:: Saved data entries ::
--------------------------------
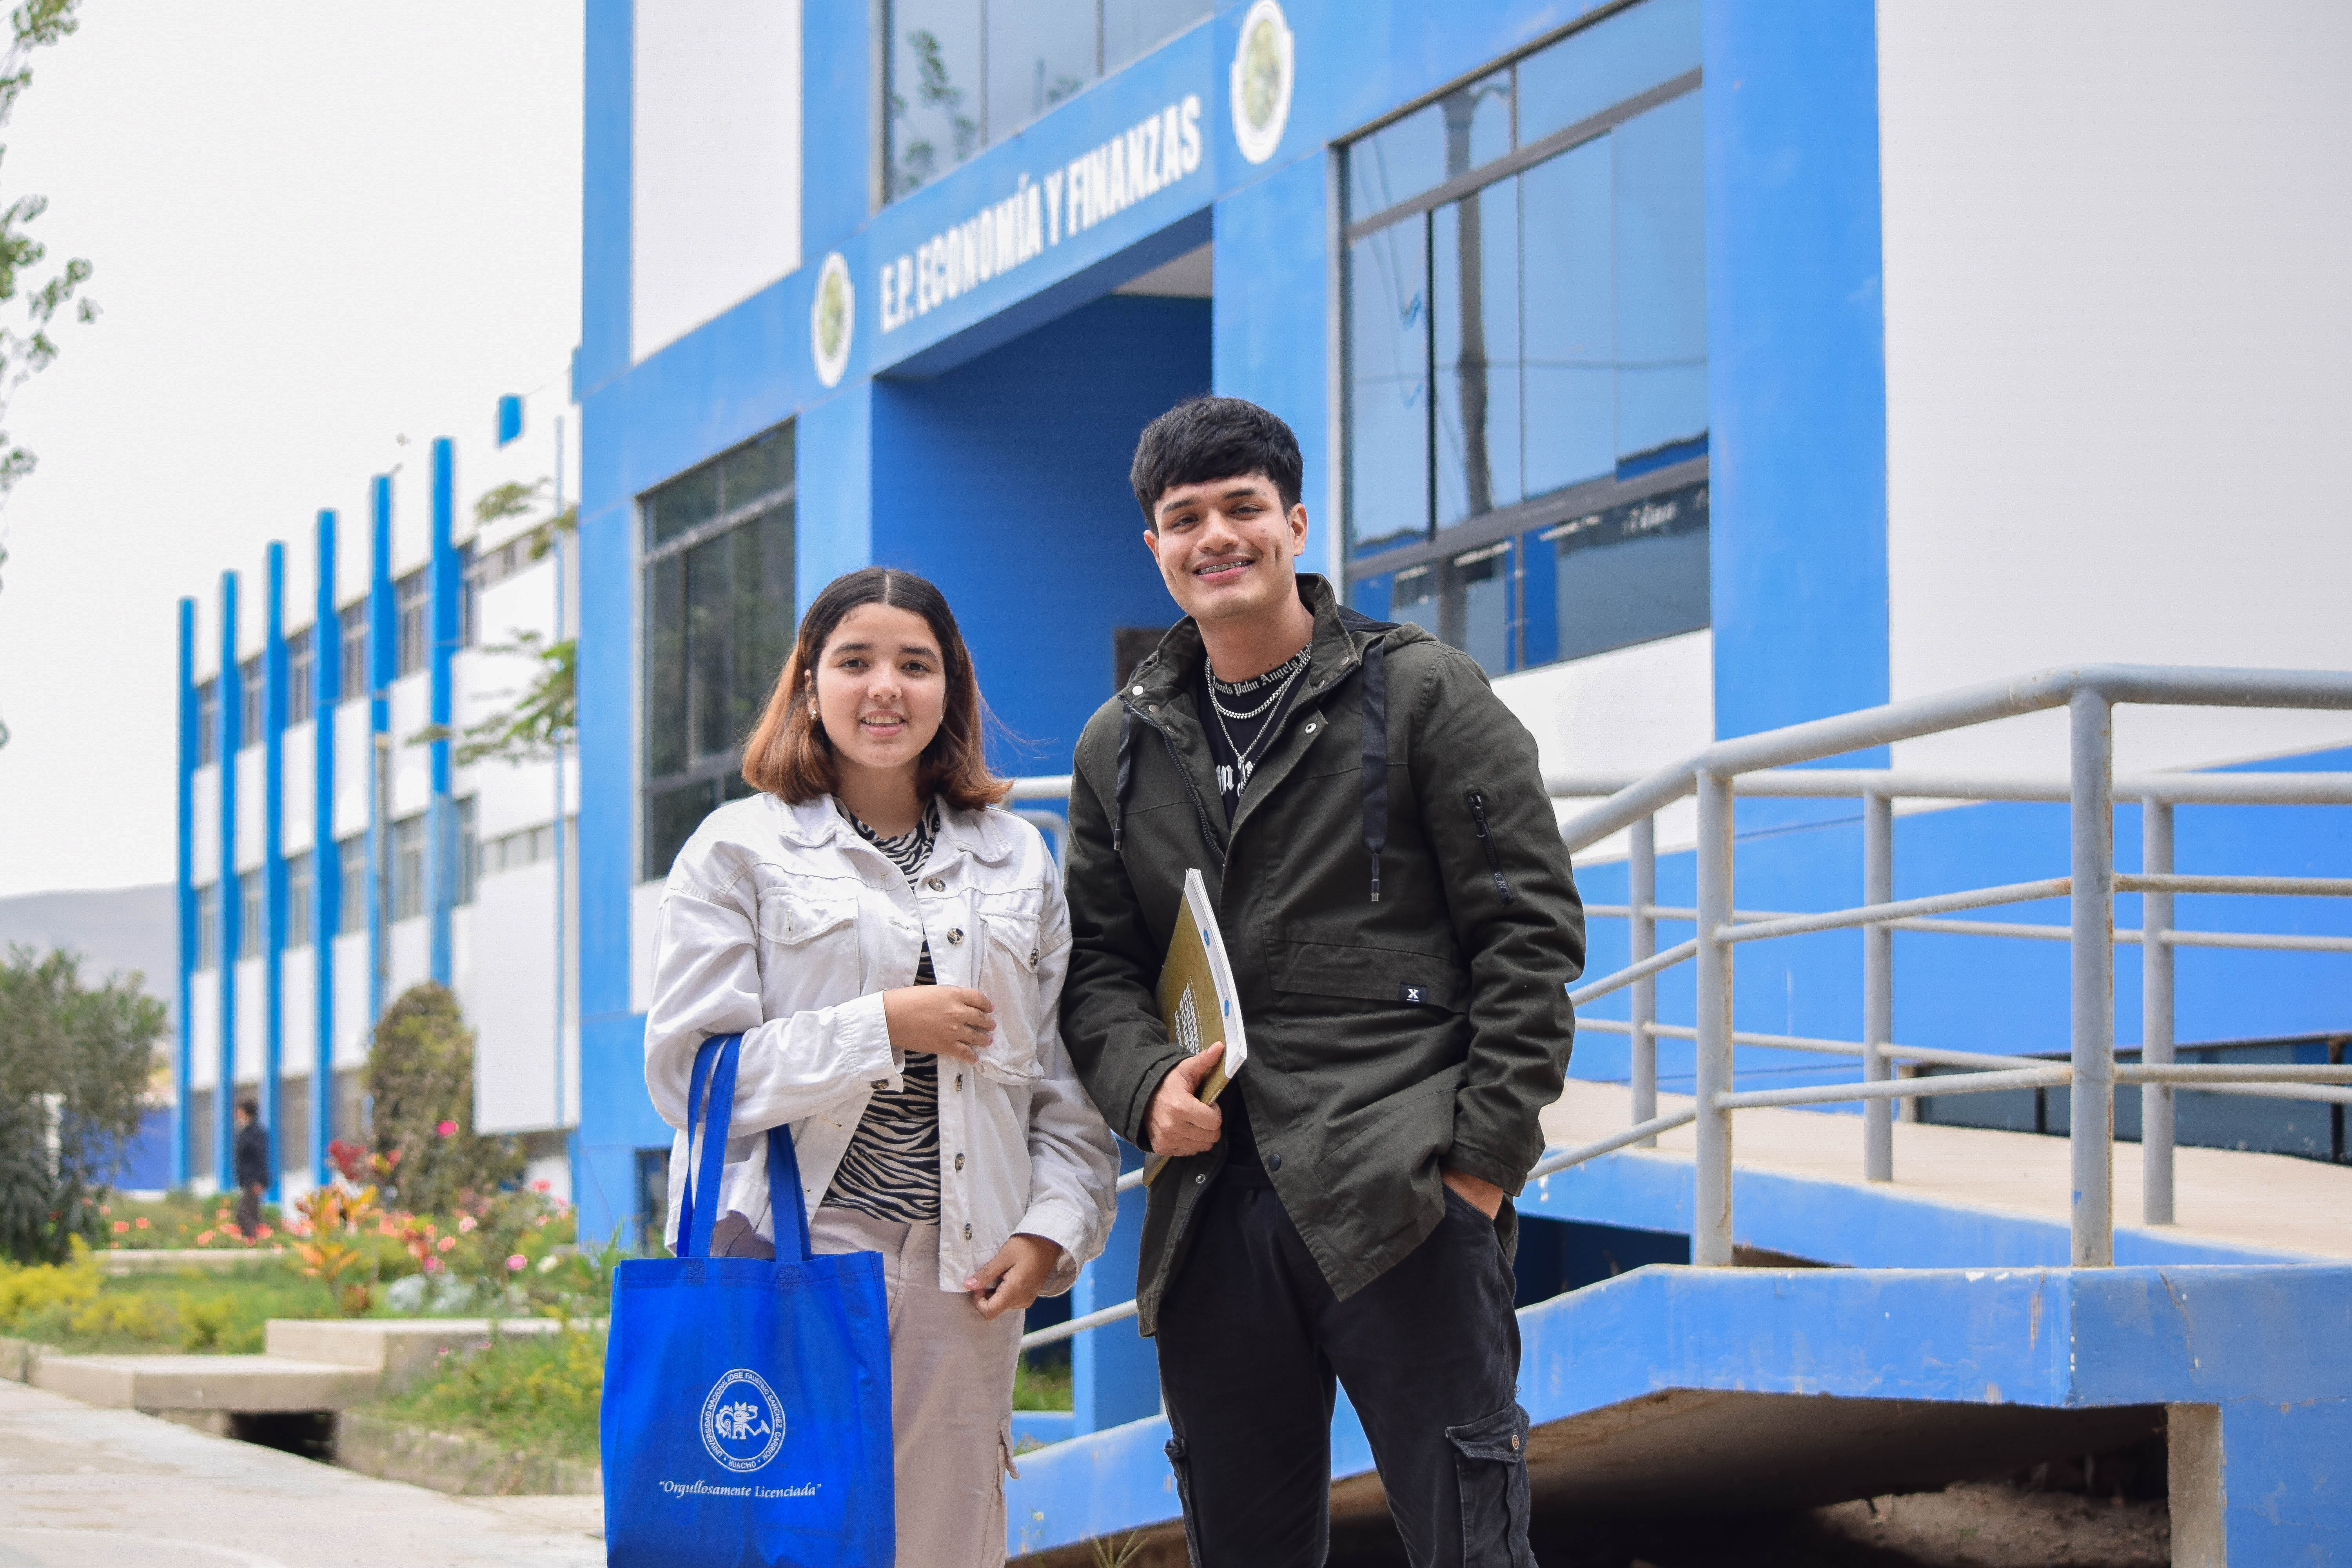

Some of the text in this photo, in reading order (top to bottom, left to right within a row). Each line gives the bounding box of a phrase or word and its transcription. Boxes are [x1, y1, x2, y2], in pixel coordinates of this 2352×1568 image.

[879, 93, 1201, 336] E.P. ECONOMÍA Y FINANZAS
[1174, 1010, 1184, 1047] ación
[1185, 982, 1200, 1055] rofesional
[705, 1372, 782, 1460] UNIVERSIDAD NACIONAL JOSE FAUSTINO SANCHEZ CARRION
[729, 1460, 756, 1468] HUACHO
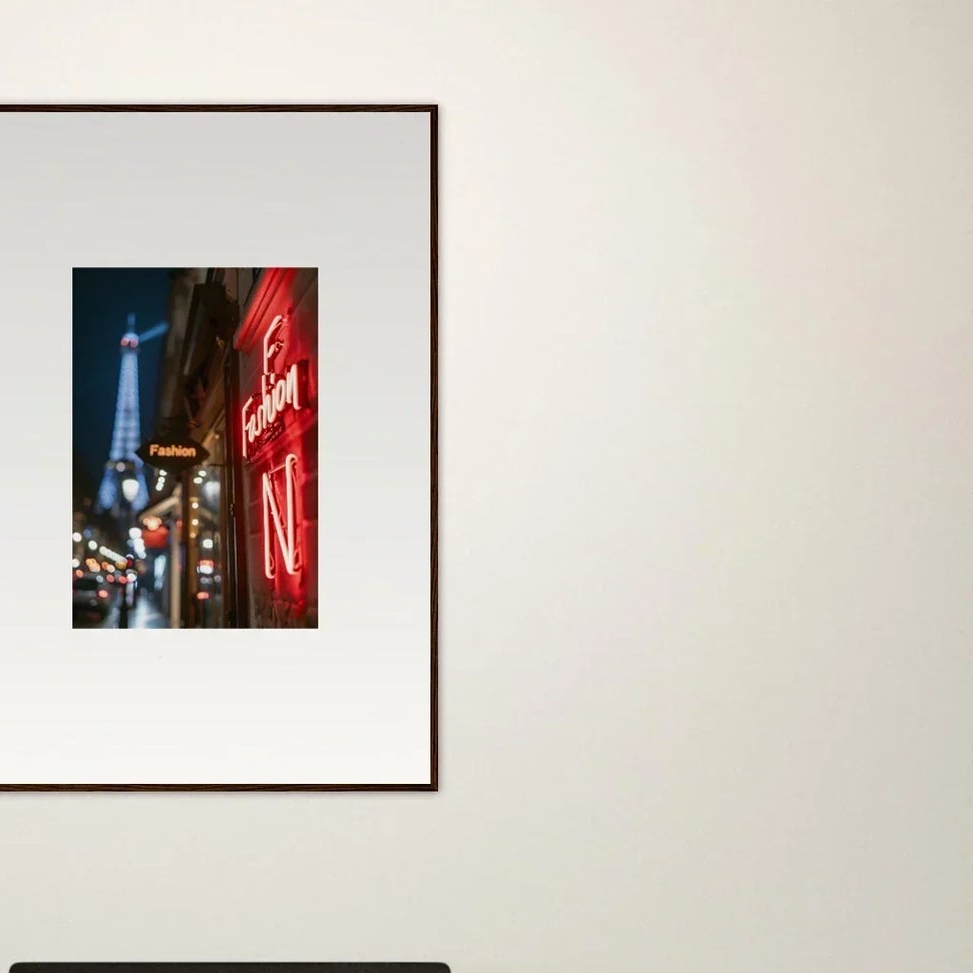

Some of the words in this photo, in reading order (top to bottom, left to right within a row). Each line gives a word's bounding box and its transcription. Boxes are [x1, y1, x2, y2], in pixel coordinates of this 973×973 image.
--------------------------------
:: How to complete this task ::
All of the entries above should be copied exactly, with the images left out.

:: Your response ::
Some of the text in this photo, in reading order (top to bottom, left to right within a row). Each line gives the bounding box of a phrase or word and its transcription. Boxes are [x1, y1, x2, y2], in pixel coordinates of this 2352×1568 image.

[879, 93, 1201, 336] E.P. ECONOMÍA Y FINANZAS
[1174, 1010, 1184, 1047] ación
[1185, 982, 1200, 1055] rofesional
[705, 1372, 782, 1460] UNIVERSIDAD NACIONAL JOSE FAUSTINO SANCHEZ CARRION
[729, 1460, 756, 1468] HUACHO

Some of the words in this photo, in reading order (top to bottom, left to right within a row). Each line gives a word's bounding box and its transcription. Boxes are [x1, y1, x2, y2], in pixel coordinates of this 973×973 image.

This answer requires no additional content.